[TASK DETAILS] Write down the listing again exactly as it appears below, without its pictures.
.....
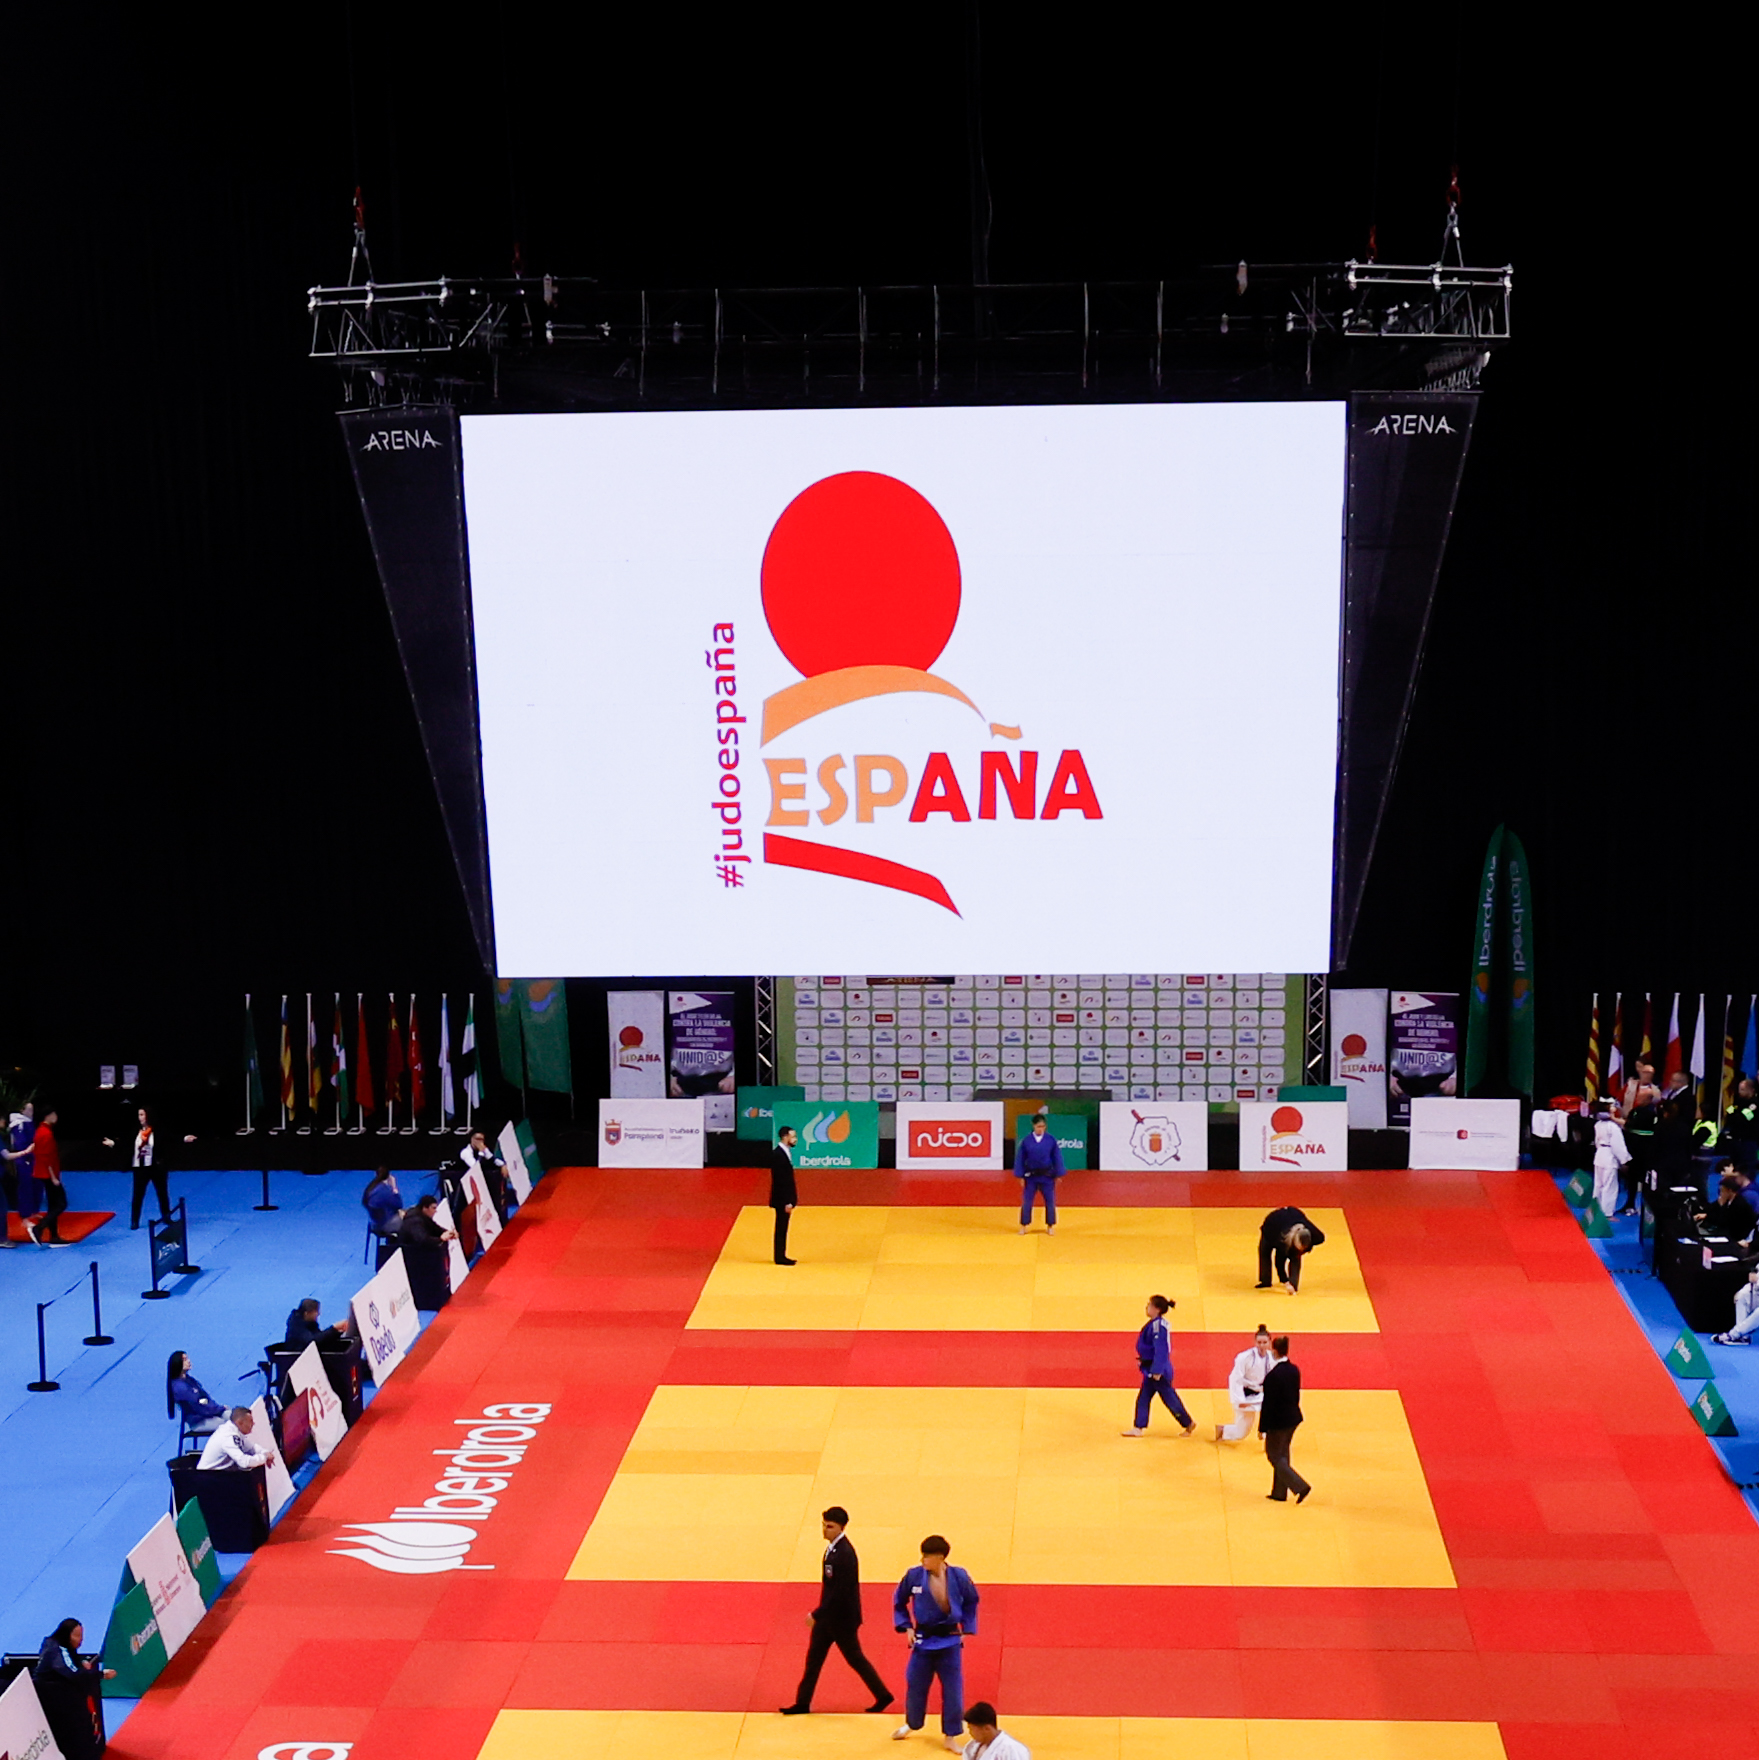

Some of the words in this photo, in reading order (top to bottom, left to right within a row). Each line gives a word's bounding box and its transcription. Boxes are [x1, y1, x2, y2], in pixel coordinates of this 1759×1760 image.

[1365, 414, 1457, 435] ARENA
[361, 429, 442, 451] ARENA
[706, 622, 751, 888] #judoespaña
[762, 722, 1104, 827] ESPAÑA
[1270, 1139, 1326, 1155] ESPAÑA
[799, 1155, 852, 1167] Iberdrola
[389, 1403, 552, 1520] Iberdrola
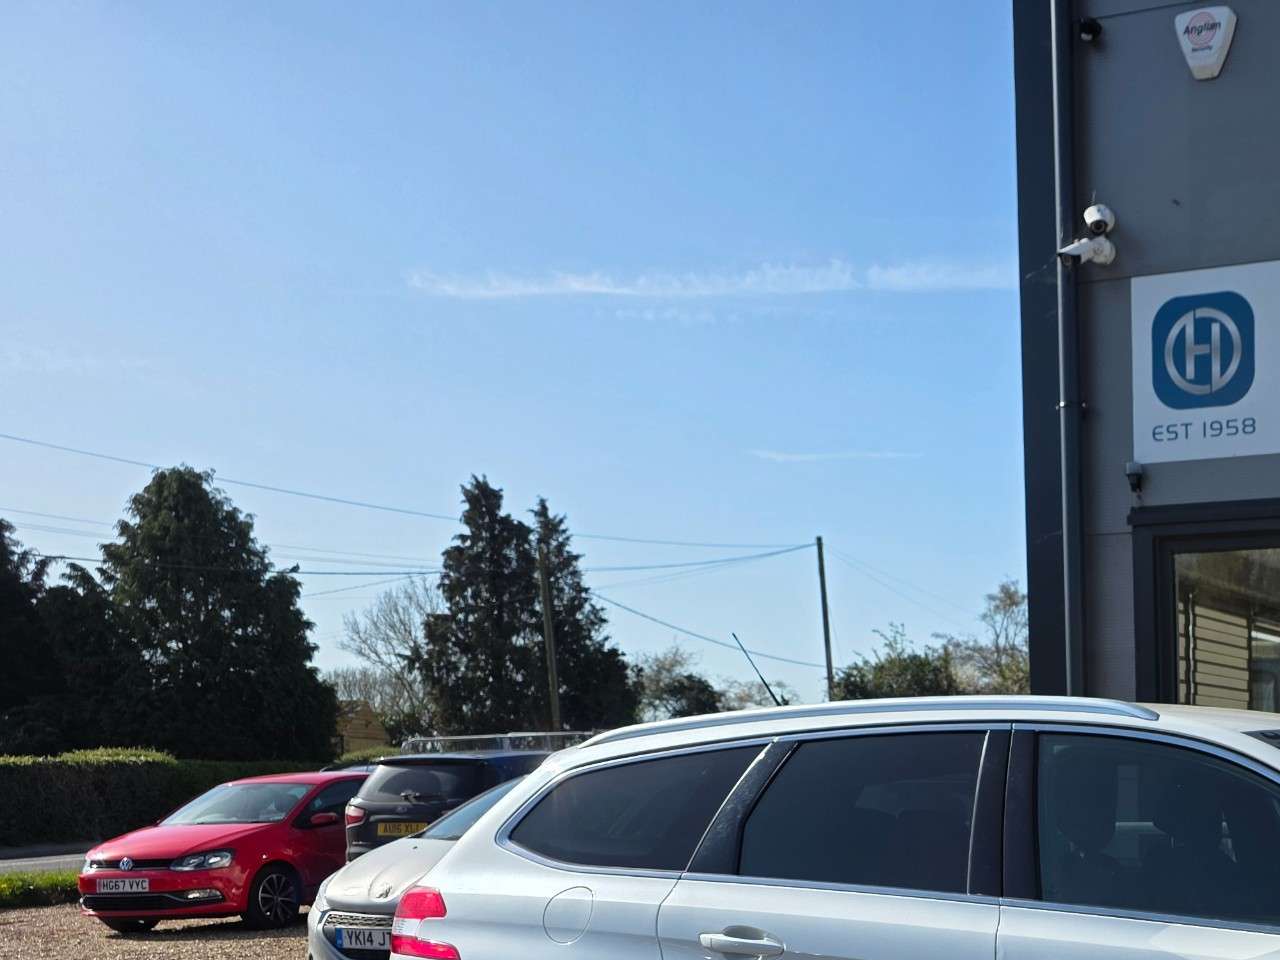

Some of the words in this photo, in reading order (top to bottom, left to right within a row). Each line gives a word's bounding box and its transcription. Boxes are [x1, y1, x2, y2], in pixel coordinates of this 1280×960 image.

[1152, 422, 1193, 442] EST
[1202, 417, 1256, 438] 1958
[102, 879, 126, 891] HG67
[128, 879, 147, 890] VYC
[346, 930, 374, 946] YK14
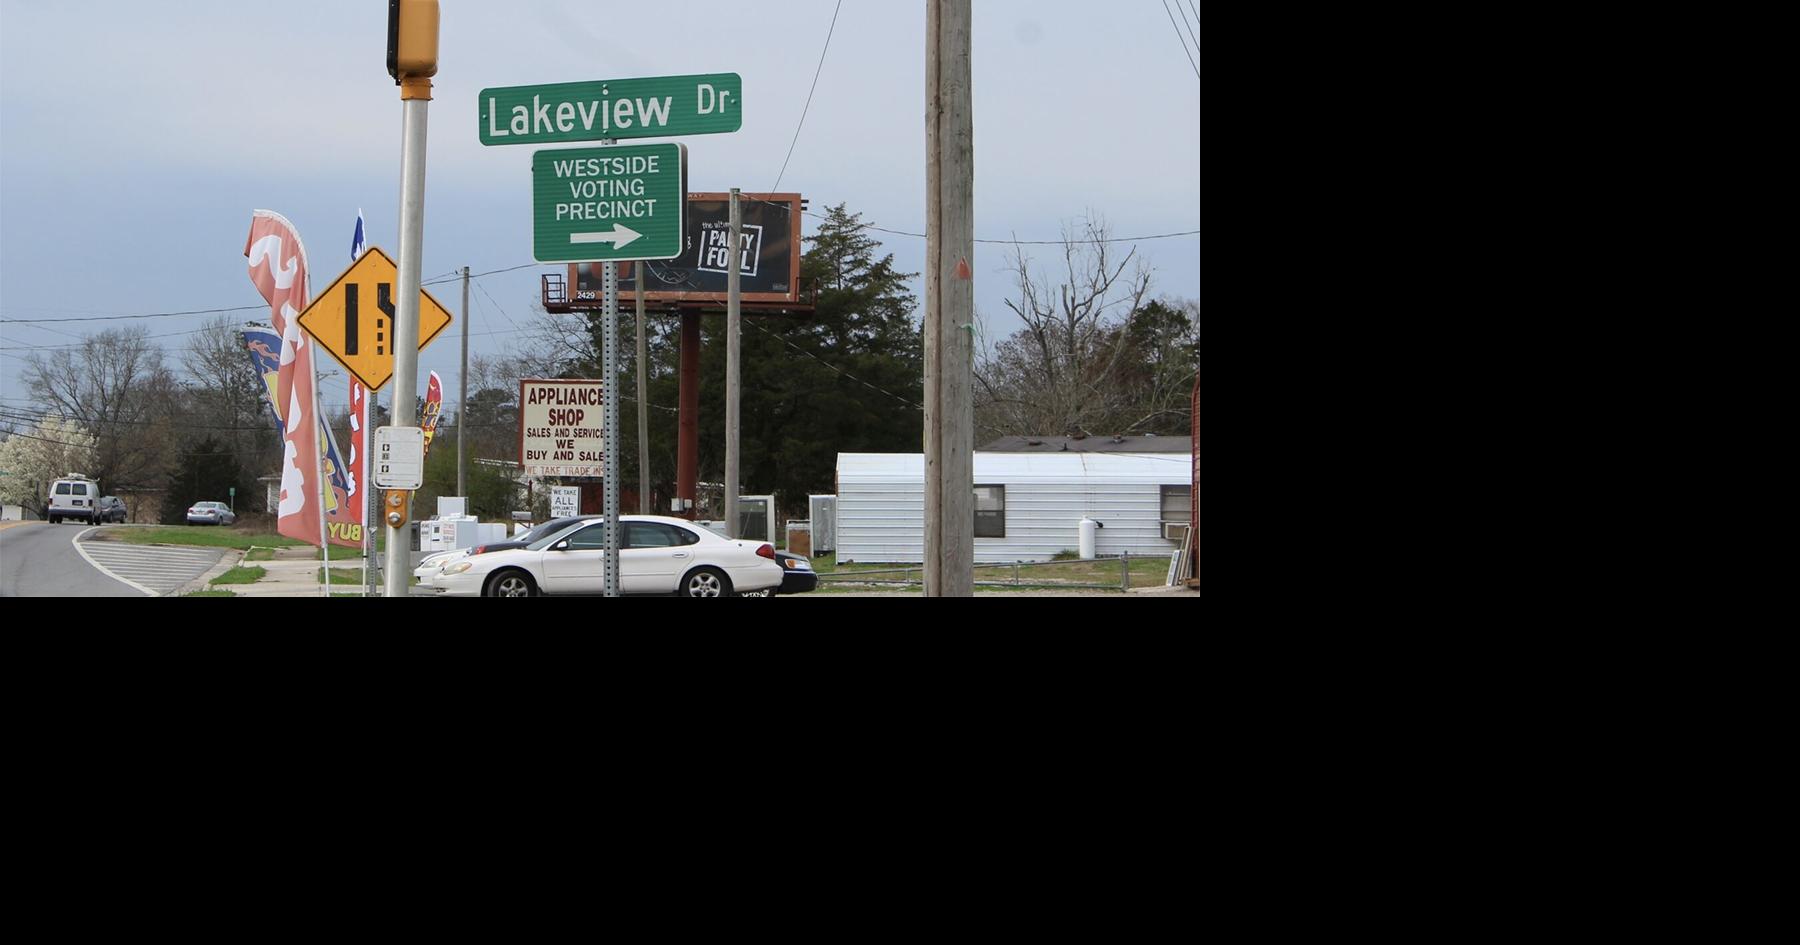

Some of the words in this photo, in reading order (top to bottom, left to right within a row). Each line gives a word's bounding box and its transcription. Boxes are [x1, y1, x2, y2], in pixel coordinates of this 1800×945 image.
.....
[RESULT OF THIS TASK]
Some of the words in this photo, in reading order (top to bottom, left to right within a row). Each line gives a word's bounding box and its transcription. Boxes are [x1, y1, x2, y2], in pixel coordinates of this 1759×1760 image.

[1365, 414, 1457, 435] ARENA
[361, 429, 442, 451] ARENA
[706, 622, 751, 888] #judoespaña
[762, 722, 1104, 827] ESPAÑA
[1270, 1139, 1326, 1155] ESPAÑA
[799, 1155, 852, 1167] Iberdrola
[389, 1403, 552, 1520] Iberdrola

Some of the words in this photo, in reading order (top to bottom, left to right within a row). Each line gives a word's bounding box and its transcription. Boxes are [x1, y1, x2, y2], in pixel coordinates of this 1280×960 image.

[1152, 422, 1193, 442] EST
[1202, 417, 1256, 438] 1958
[102, 879, 126, 891] HG67
[128, 879, 147, 890] VYC
[346, 930, 374, 946] YK14

Some of the words in this photo, in reading order (top to bottom, left to right within a row). Each line gives a word's bounding box and its transcription. Boxes are [x1, y1, x2, y2], in pixel coordinates of this 1800×945 image.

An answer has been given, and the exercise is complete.